Studio della Migrazione cellulare in canali microfabbricati

Summary

Un metodo quantitativo per studiare la migrazione spontanea di cellule in un microambiente confinato unidimensionale è descritto. Questo metodo sfrutta canali microfabbricati e può essere usato per studiare la migrazione di un gran numero di cellule in condizioni diverse in singoli esperimenti.

Abstract

Il metodo qui descritto consente di studiare la migrazione delle cellule sotto confinamento in una dimensione. Si basa sull'uso di canali microfabbricati, che impongono un fenotipo polarizzato a cellule da limitazioni fisiche. Una volta che i canali interni, le cellule hanno solo due possibilità: andare avanti o indietro. Questa migrazione semplificata in cui direzionalità è limitato facilita il tracciamento automatico delle celle e l'estrazione di parametri quantitativi per descrivere il movimento delle cellule. Questi parametri includono la velocità delle cellule, cambi di direzione, e pause durante il movimento. Microcanali sono anche compatibili con l'uso di marcatori fluorescenti e sono quindi adatti per studiare la localizzazione di organelli e strutture intracellulari durante la migrazione cellulare ad alta risoluzione. Infine, la superficie dei canali può essere funzionalizzato con substrati differenti, permettendo il controllo delle proprietà adesive dei canali o lo studio di haptotaxis. In sintesi, il sistema here descritto è destinato ad analizzare la migrazione di grandi numeri di cellule in condizioni in cui sia la geometria e la natura biochimica dell'ambiente sono controllate, facilitando la normalizzazione e riproducibilità di esperimenti indipendenti.

Introduction

La migrazione è una funzione cellulare complessa che è importante per molti processi fisiologici negli organismi multicellulari, incluso lo sviluppo, le risposte immunitarie e la rigenerazione dei tessuti. Inoltre, alcune situazioni patologiche come invasione tumorale e metastasi basano sulla motilità cellulare ^1. Per queste ragioni, la migrazione cellulare è diventato un importante campo di studio nell'ambito della ricerca sia fondamentale e traslazionale.

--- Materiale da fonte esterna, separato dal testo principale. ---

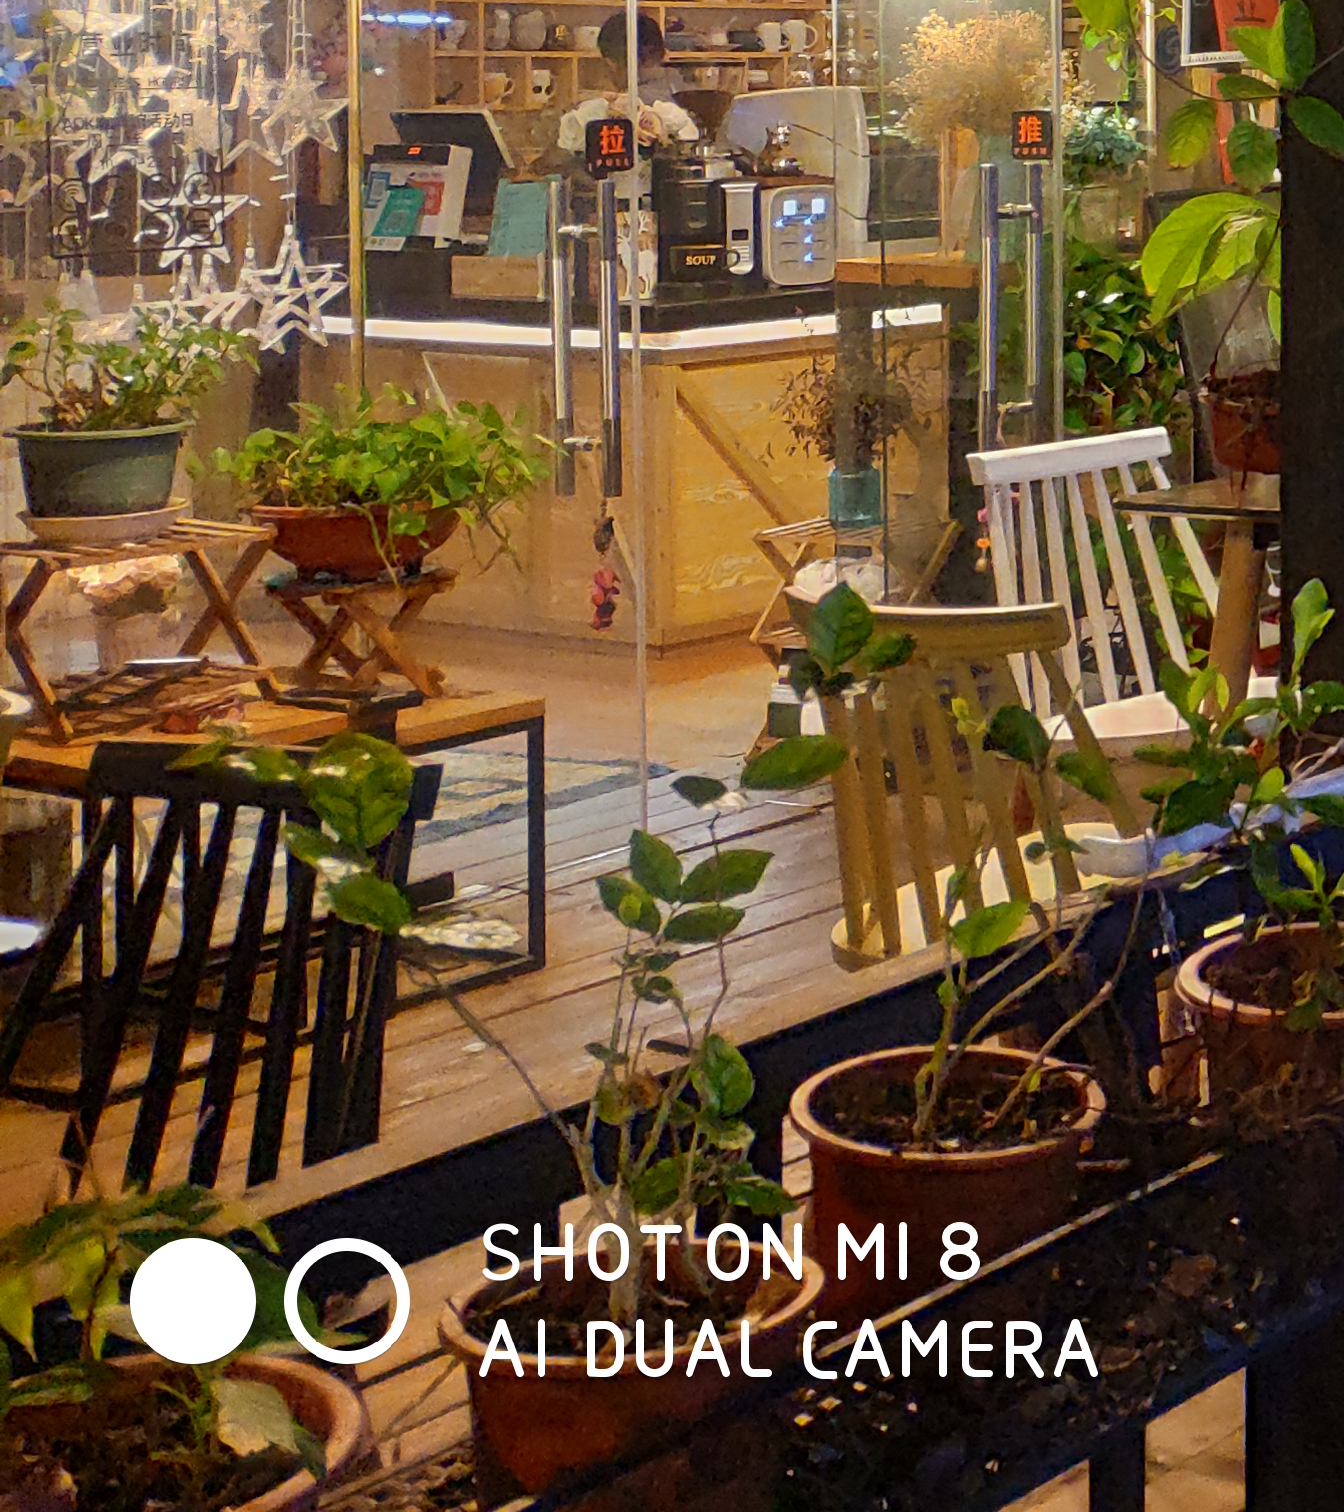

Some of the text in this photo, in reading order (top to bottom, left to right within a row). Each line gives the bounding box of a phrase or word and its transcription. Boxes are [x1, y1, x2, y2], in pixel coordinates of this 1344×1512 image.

[599, 124, 627, 155] 拉
[1017, 115, 1043, 144] 推
[685, 254, 717, 266] SOUP

In vivo, la maggior parte dei tessuti sono caratterizzati da una ricca matrice extracellulare ed elevata densità cellulare. La migrazione cellulare quindi, in condizioni fisiologiche, avviene in un ambiente confinato complesso. Classicamente, molto probabilmente a causa di ragioni storiche e limiti tecnici, la migrazione delle cellule è stato studiato in sistemi 2D piatte che non riproducono molte delle proprietà ambientali presenti nei tessuti, come ad esempio confinamento. Inoltre, fattori come l'adesione cellulare, che sono essenziali per la motilità in 2D, sono stati recentemente dimostrato di non essere necessapalmente necessari per la migrazione in vivo o all'interno gel, suggerendo che i meccanismi che regolano la locomozione cella in 2D e in altri ambienti sono distinti ^2. Diversi sistemi sono stati sviluppati per imitare le proprietà complesse dei tessuti, i più noti gel dell'essere collagene, che mirano a ricapitolare le proprietà della composizione della matrice extracellulare ^3. Qui proponiamo microcanali come metodo semplice complementare che permette la migrazione delle cellule studio in una dimensione in un ambiente confinato.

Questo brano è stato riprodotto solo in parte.